Diplômé en musicologie, en histoire de l’art et en sciences du langage de l'Université de Strasbourg, ex-directeur éditorial de la Cité de la musique et de la Philharmonie de Paris, Stéphane Roth a pris la tête de Musica en 2019. Sous sa direction, le festival des musiques d’aujourd’hui fait peau neuve, pour mieux embrasser la richesse de la création musicale et diversifier son public.
Programme du 16/09 au 10/10/2021
Musica attire jusqu’à 18 000 personnes avec une quarantaine de spectacles sur trois semaines fin septembre. « 60% d’entre eux sont un nouveau public. Un tiers a moins de 28 ans, un autre tiers représente les jeunes actifs, alors que la moyenne d’âge des publics de la musique classique se situe au-delà de 60 ans. Le public s’est beaucoup renouvelé, ces chiffres viennent confirmer une action », souligne Stéphane Roth. L’un des plus importants festivals de musique contemporaine d’Europe, créé par Jack Lang à Strasbourg en 1982, a vocation à montrer l’étendue et la richesse de la création musicale actuelle : expérimentations, nouvelles sonorités et représentations, hybridation avec les autres arts comme la vidéo ou le théâtre, et avec le monde des idées (philosophie, écologie et théorie des médias…).
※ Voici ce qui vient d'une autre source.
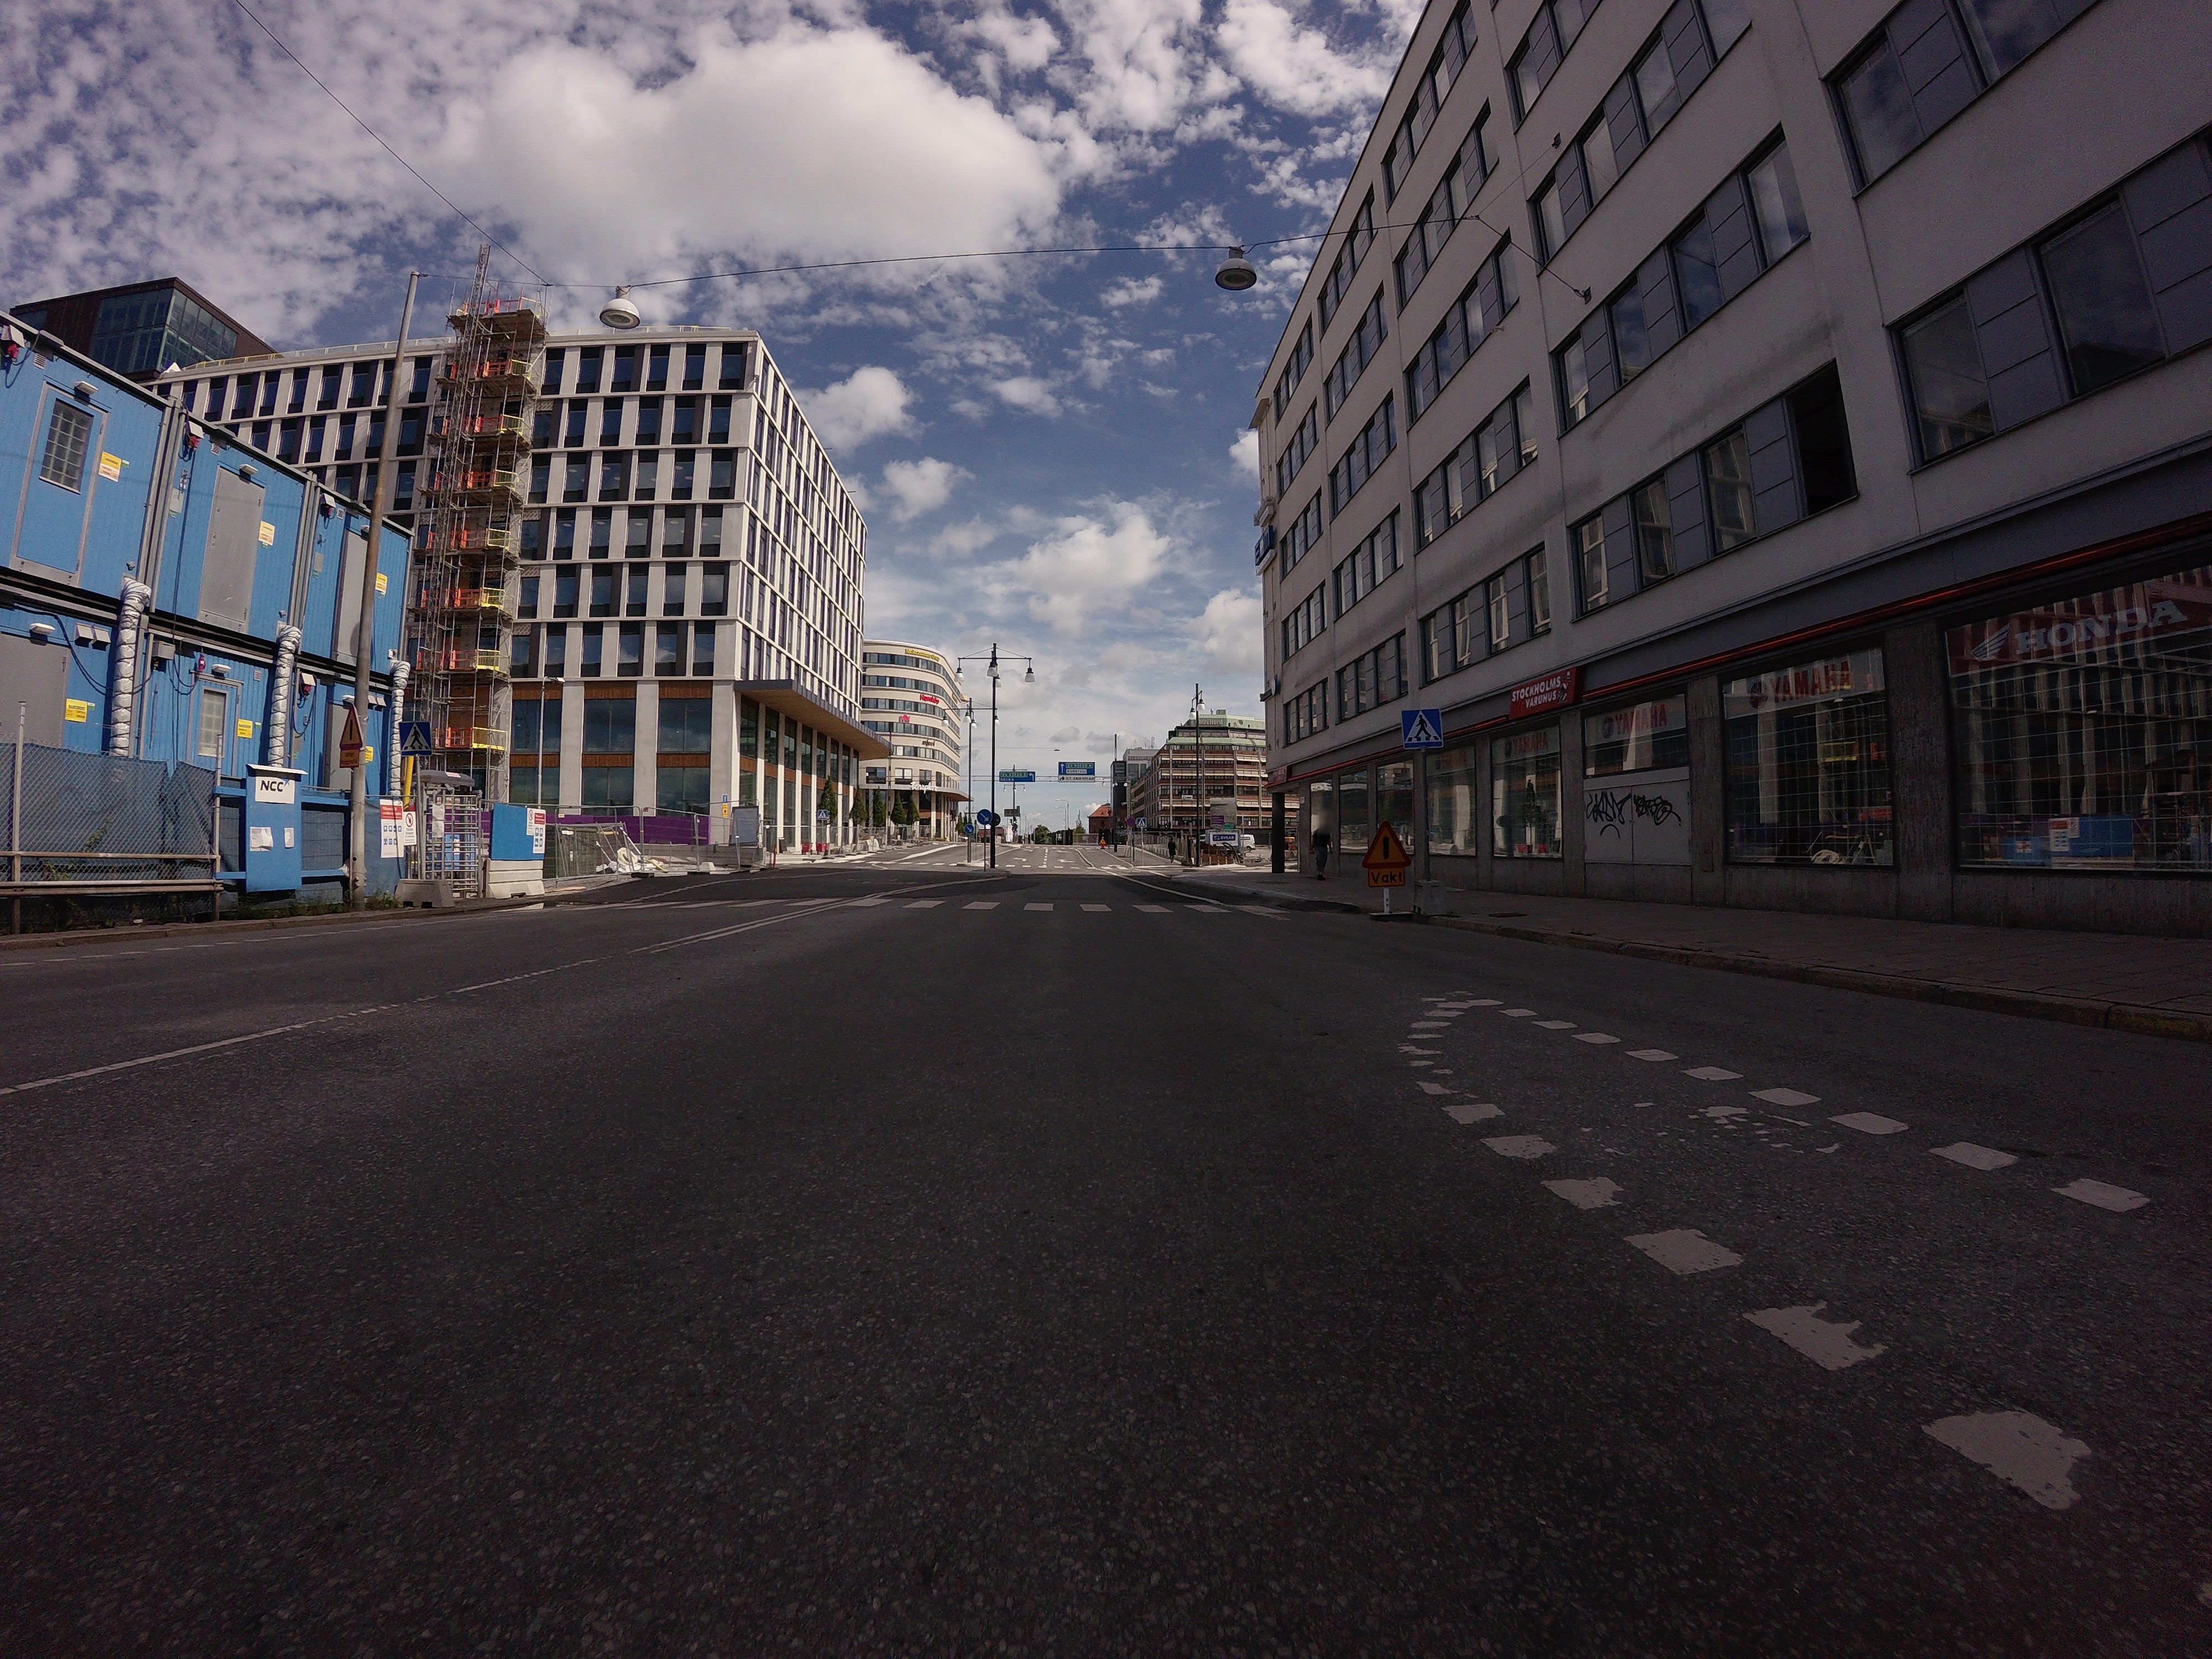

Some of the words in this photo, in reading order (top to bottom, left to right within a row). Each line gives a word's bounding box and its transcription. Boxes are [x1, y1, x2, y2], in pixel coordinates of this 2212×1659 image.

Inclusion sociale et diversité artistique
Sous la direction de Stéphane Roth, l’équipe a créé Mini Musica, festival jeune public et l’Académie des spectateurs, appellation qui regroupe plusieurs actions de médiation dans les quartiers, les écoles ou l’université. Elles ont lieu tout au long de l’année. L’inclusion sociale, la diversité artistique, le renouvellement du public sont les lignes directrices de son projet pour Musica. « Ma motivation est de pouvoir faire bouger les lignes, notamment concernant l’accessibilité des publics. C’est très important pour moi, mais aussi au niveau institutionnel, politique, culturel... Je veux montrer que l’art est politique », dit-il. Stéphane Roth supervise l’équipe, composée de six permanents et de saisonniers, il dirige la programmation, la communication, la gestion financière, les relations avec les publics et avec les partenaires institutionnels.
Musique et savoirs
Il a réalisé son parcours universitaire à Strasbourg, de 2001 à 2010. Avide de savoirs, il étudie la musicologie et l’histoire de l’art jusqu'en master, et les sciences du langage jusqu’à la licence. « Je n’avais pas vraiment de projet professionnel, les choses se construisent souvent à rebours, mais je voulais vivre de la musique et le savoir m’intéressait. La musicologie est passionnante, exaltante. Et l’histoire de l’Université de Strasbourg est impressionnante, en lien avec les autres pôles du bassin rhénan, Freiburg et Bâle notamment. Elle a beaucoup apporté aux savoirs du 20e siècle », estime-t-il.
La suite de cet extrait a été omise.